Thus, the outdated analyses in the 1987 El Dorado Hills Specific Plan EIR and the 1995 Town

Center East Negative Declaration cannot form the basis of the analyses in the SMND for the

Town Center Apartments.

V. Project improvements are needed to avoid the preparation of an EIR.

When a proper initial study is performed independent of the prior CEQA reviews, an EIR will be

required if a “fair argument” can be made, based upon substantial evidence in the record, that the

proposed project may have significant impacts. (California Native Plant Society v. County of El

Dorado (App. 3 Dist. 2009) 170 Cal.App.4th

1026, 1058.) On the other hand, if the project were

properly improved to avoid these impacts, the time and expense of an EIR could be avoided.

As noted in comments on the project, a fair argument can be made that the project may have

significant impacts in its current form. The County Sheriff noted that the project poses

significant impacts on law enforcement services. Neighbors have noted the significant traffic

impacts of the project, and the long lead time for the mitigation measures. Recent reports

indicate that the cumulative impacts of water supply are a problem countywide, and that various

county officials disagree over how and whether to seek additional supplies. (Exhibit 4: Article

on cumulative water shortage.)

The County and the applicant would be wise to revise the project and its conditions to fully

address these issues and avoid the need for an EIR.

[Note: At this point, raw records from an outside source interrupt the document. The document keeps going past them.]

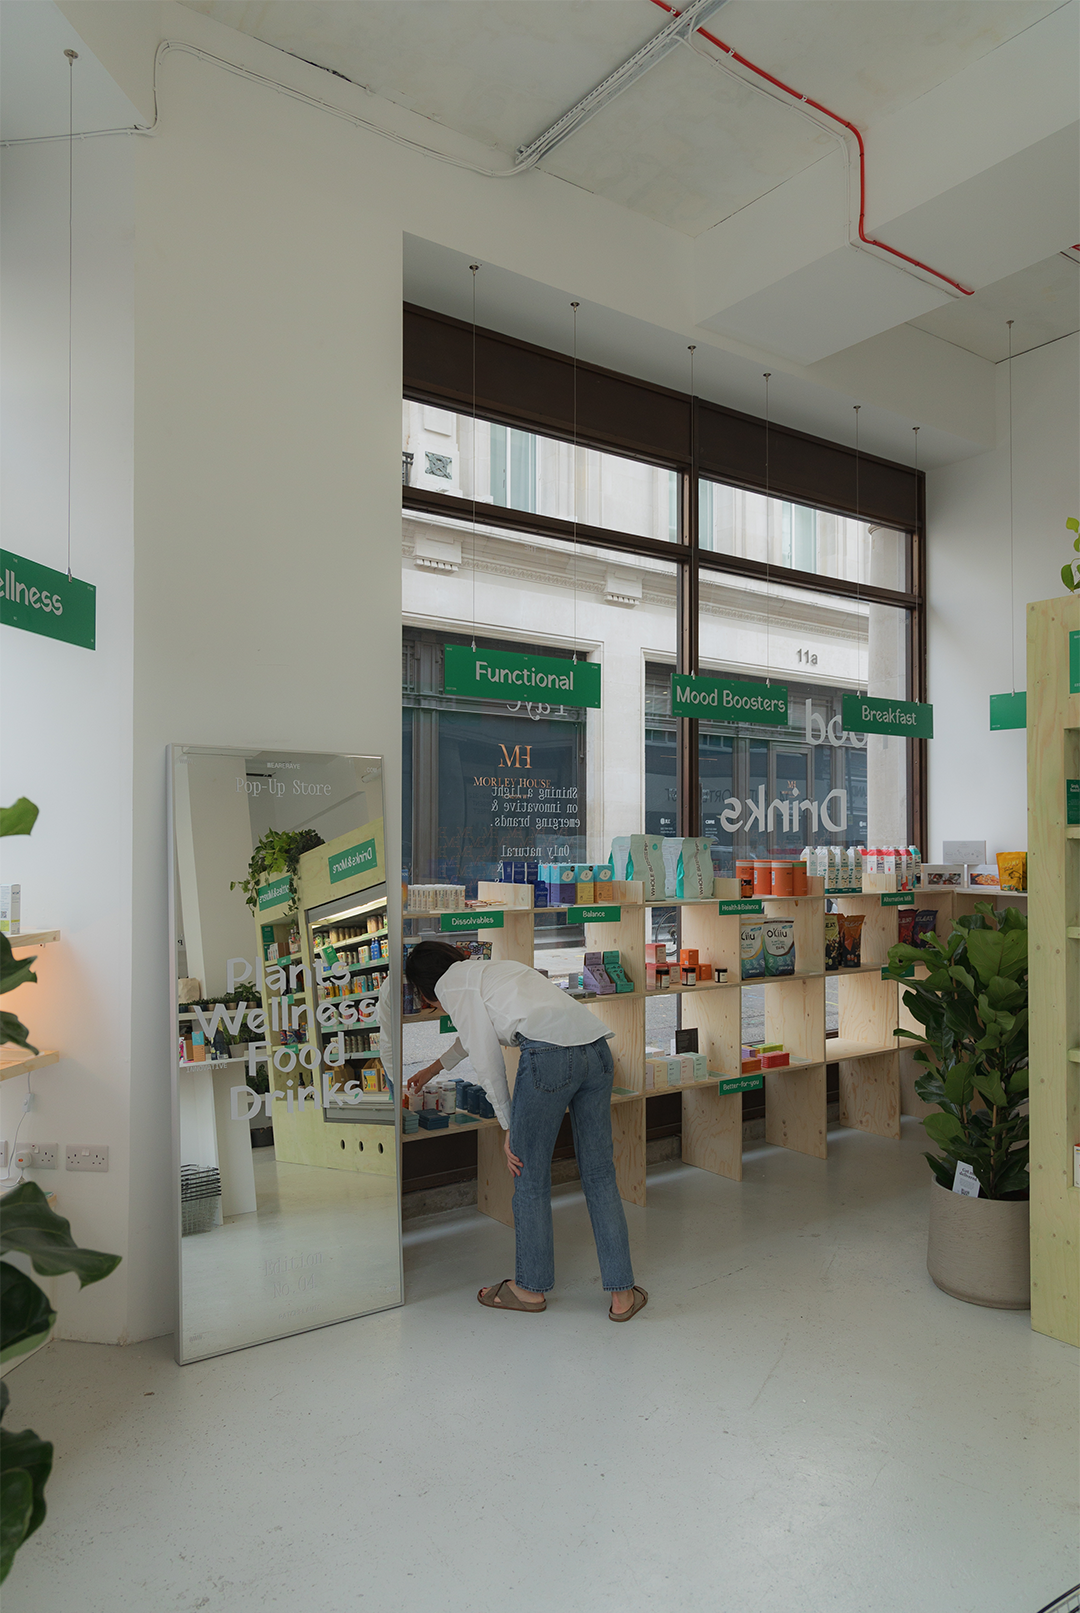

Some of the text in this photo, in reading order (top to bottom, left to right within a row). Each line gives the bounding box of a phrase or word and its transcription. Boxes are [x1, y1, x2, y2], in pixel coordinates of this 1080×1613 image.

[797, 648, 818, 665] 11a
[475, 660, 574, 691] Functional
[676, 685, 786, 713] Mood Boosters
[861, 704, 917, 726] Breakfast
[235, 777, 332, 798] Pop-Up Store
[473, 776, 552, 789] MORLEY HOUSE
[582, 909, 606, 918] Balance
[721, 902, 760, 912] Health&Balance
[451, 915, 494, 927] Dissolvables
[226, 956, 351, 995] Plants
[193, 995, 379, 1039] Wellness
[248, 1031, 346, 1077] Food
[186, 1063, 228, 1073] INNOVATIVE
[722, 1079, 761, 1091] Better-for-you
[230, 1073, 364, 1121] Drinks
[263, 1251, 323, 1277] Edition
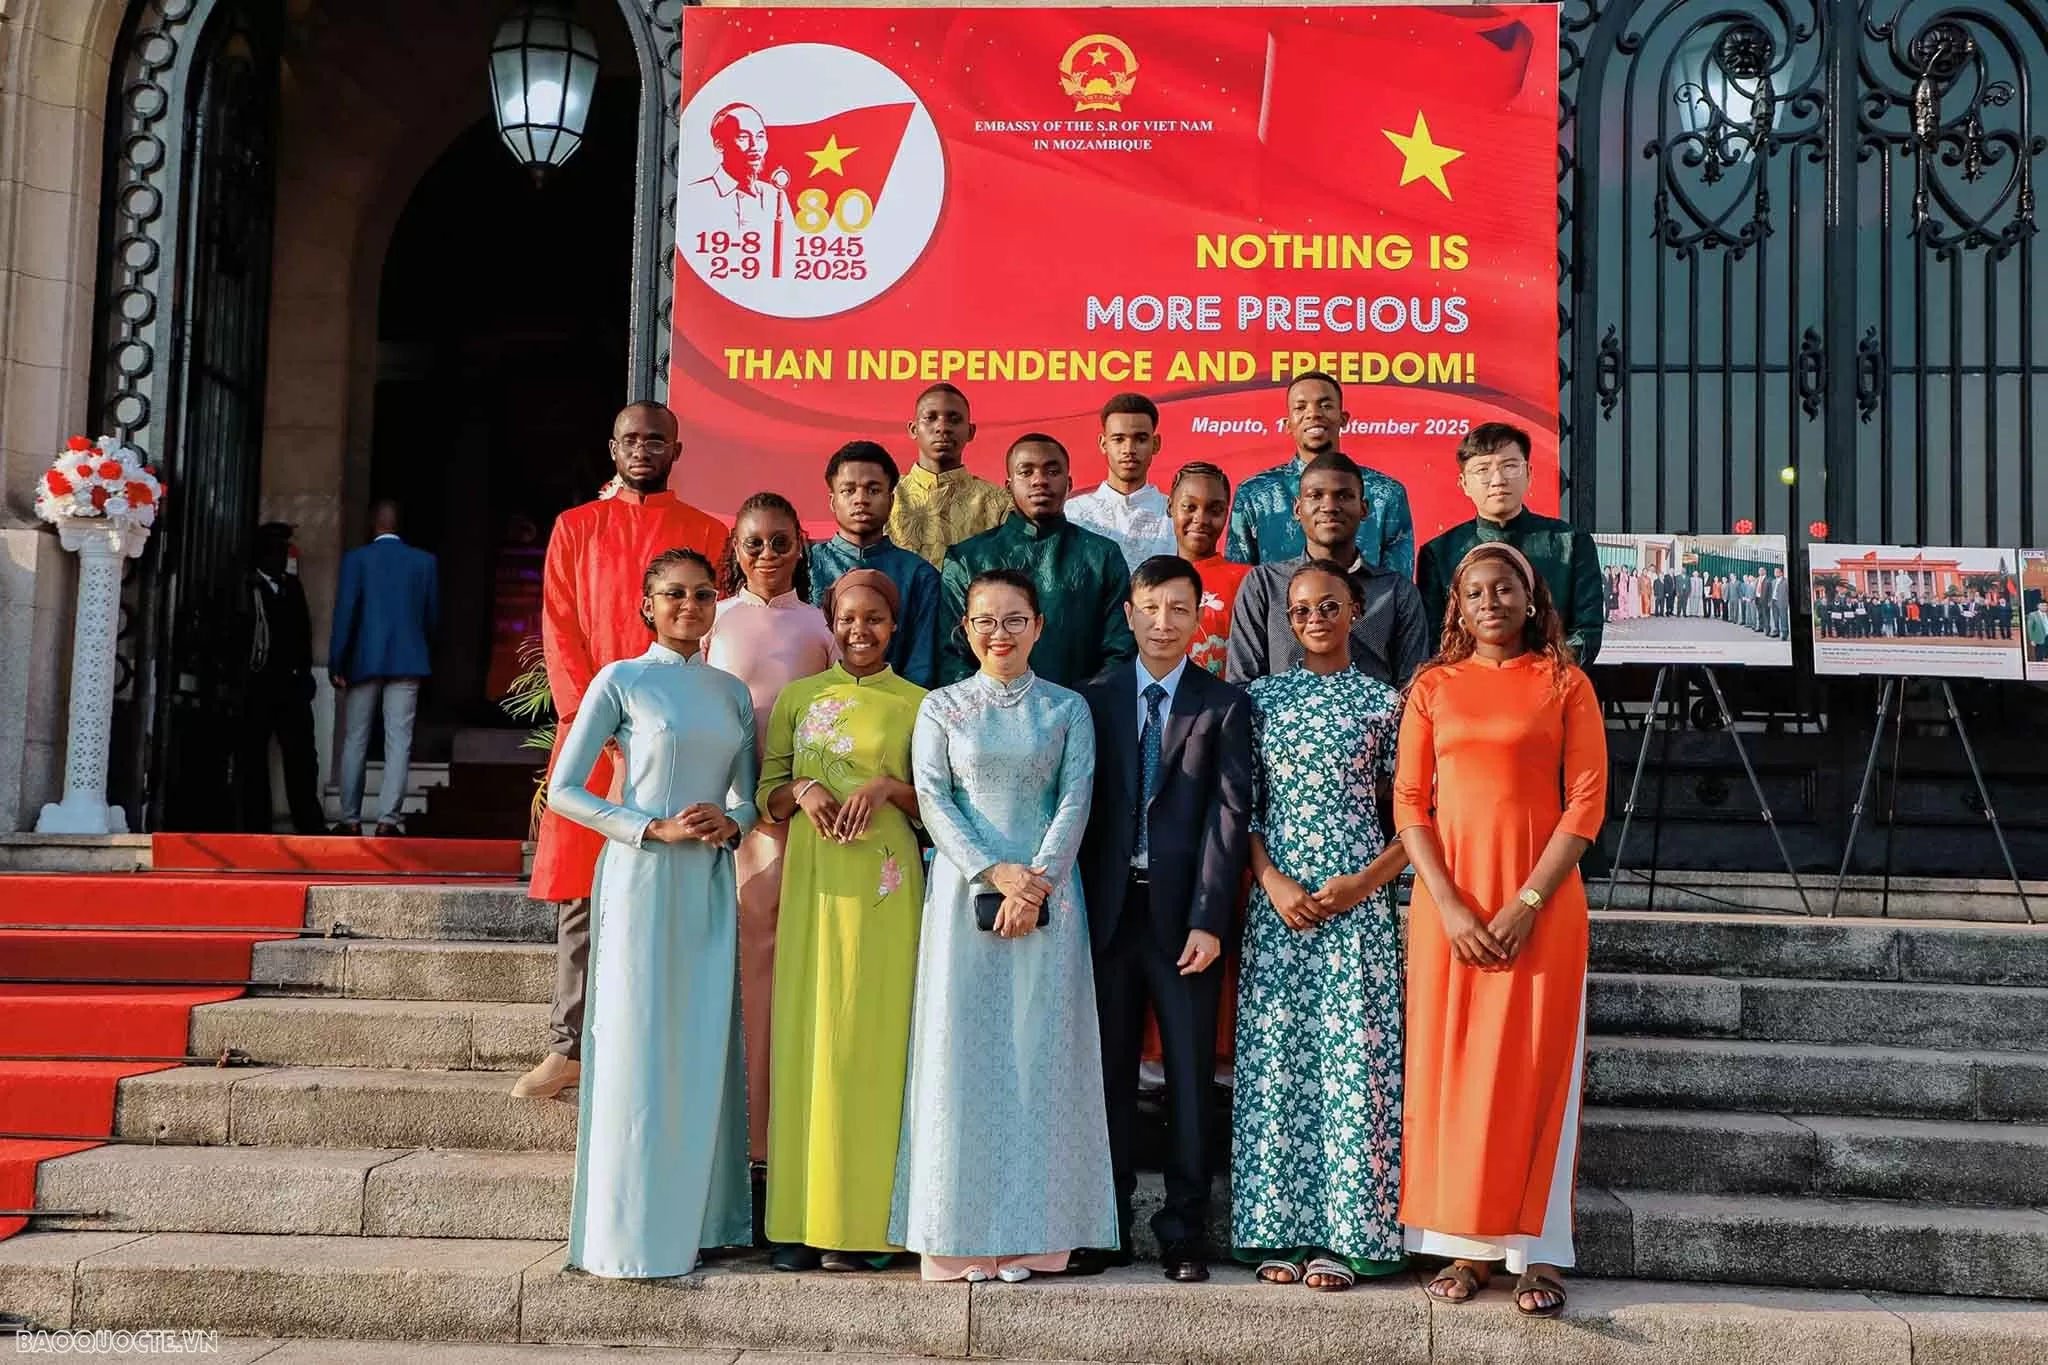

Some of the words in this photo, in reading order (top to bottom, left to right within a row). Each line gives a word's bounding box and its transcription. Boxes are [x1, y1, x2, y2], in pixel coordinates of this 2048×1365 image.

VI. Listen to the advice of the APAC and Planning Commission

Given the failure of the County’s infrastructure development and mitigation plans to date for the

El Dorado Hills Specific Plan area, given the ever growing funding deficit for road

improvements, given the long delays and uncertainty regarding the construction of the necessary

infrastructure and service capacity, and given the partial reliance on environmental reviews that

are 27 and 19 years old respectively; the Area Planning Advisory Committee and the Planning

Commission were wise to recommend denial of this project at this time. The Board would be

wise to direct the Planning Department to work collaboratively with the project proponent

and concerned citizens to modify the proposed Town Center Apartments project to better

address the concerns raised by the Area Plan Advisory Committee, the Planning

Commission, and concerned citizens.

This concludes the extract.